Barely half an hour from the congressional chambers where the nation's immigration policies have been rancorously debated, there is little dissent over what is right to do. It is why Holy Cross opened its primary health clinic two years ago, agreeing to cover what in 2005 was a $460,000 operating deficit. And why it spends almost half a million dollars annually on interpretation services and ethnic-specific programs for patients and Spanish classes for employees.
From 2000 to 2005, the cost of the institution's yearly charity care more than doubled to $9 million; the care is significantly but not entirely for immigrants. A third of the total now goes to the low-income women, a veritable United Nations, who are seen through Holy Cross's Maternity Partnership with the county.
President and chief executive Kevin Sexton has no qualms: "As much as I am interested in public policy and public issues, I basically suspend that at the door of a health care facility and believe that everyone needs care."
The pressures on Holy Cross mirror those at other facilities in the region, though they fall far short of the intense demands that providers face in towns and cities along the U.S.-Mexican border. Washington Hospital Center regularly translates documents and physician-patient communication into nearly a dozen languages, including Turkish and Tagolog. Inova Health Systems estimates that it spends at least $10 million on such services, outreach programs and charity care for uninsured immigrants in Northern Virginia. In Fairfax County, more than one in seven births are to immigrants, according to one estimate.

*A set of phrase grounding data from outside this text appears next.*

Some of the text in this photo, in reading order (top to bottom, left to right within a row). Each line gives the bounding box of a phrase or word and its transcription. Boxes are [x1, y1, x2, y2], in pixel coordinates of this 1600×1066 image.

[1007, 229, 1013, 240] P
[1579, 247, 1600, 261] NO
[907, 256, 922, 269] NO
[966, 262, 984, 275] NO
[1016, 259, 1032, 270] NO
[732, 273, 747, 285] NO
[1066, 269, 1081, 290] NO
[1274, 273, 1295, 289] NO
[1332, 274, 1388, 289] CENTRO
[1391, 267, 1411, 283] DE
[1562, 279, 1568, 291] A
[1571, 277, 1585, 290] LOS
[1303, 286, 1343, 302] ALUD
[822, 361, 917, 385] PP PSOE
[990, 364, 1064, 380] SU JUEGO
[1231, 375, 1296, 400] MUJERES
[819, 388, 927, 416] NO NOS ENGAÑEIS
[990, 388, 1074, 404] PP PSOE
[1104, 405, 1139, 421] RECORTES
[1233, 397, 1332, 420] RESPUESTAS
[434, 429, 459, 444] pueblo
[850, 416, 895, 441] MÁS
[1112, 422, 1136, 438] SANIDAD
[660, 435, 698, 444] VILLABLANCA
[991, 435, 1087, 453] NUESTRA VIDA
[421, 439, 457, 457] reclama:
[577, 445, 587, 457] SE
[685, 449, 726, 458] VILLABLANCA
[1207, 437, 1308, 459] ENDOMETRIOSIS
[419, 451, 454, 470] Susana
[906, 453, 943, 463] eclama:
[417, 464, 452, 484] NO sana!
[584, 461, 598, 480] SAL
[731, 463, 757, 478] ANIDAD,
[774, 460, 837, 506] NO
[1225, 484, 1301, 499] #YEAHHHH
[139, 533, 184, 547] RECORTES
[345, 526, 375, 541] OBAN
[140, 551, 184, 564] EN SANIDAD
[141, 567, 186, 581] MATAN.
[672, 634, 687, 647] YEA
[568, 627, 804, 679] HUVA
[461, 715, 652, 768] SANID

Critics cite the burden they say newly arrived immigrants place on health care as one rationale for restricting their numbers. Last year, the federal government set aside $1 billion to cover emergency room care for illegal immigrants through 2009. The full medical bill to U.S. hospitals, clinics and taxpayers probably exceeds $6 billion annually, calculates Steven Camarota of the Center for Immigration Studies, a research group that seeks "fewer immigrants but a warmer welcome for those admitted."
Still, Camarota thinks proposals to deny access to treatment misdirect the debate. "Either you select immigrants who are self-sufficient and don't need help from the government, or you shut up about the cost," he said. "There's no middle ground."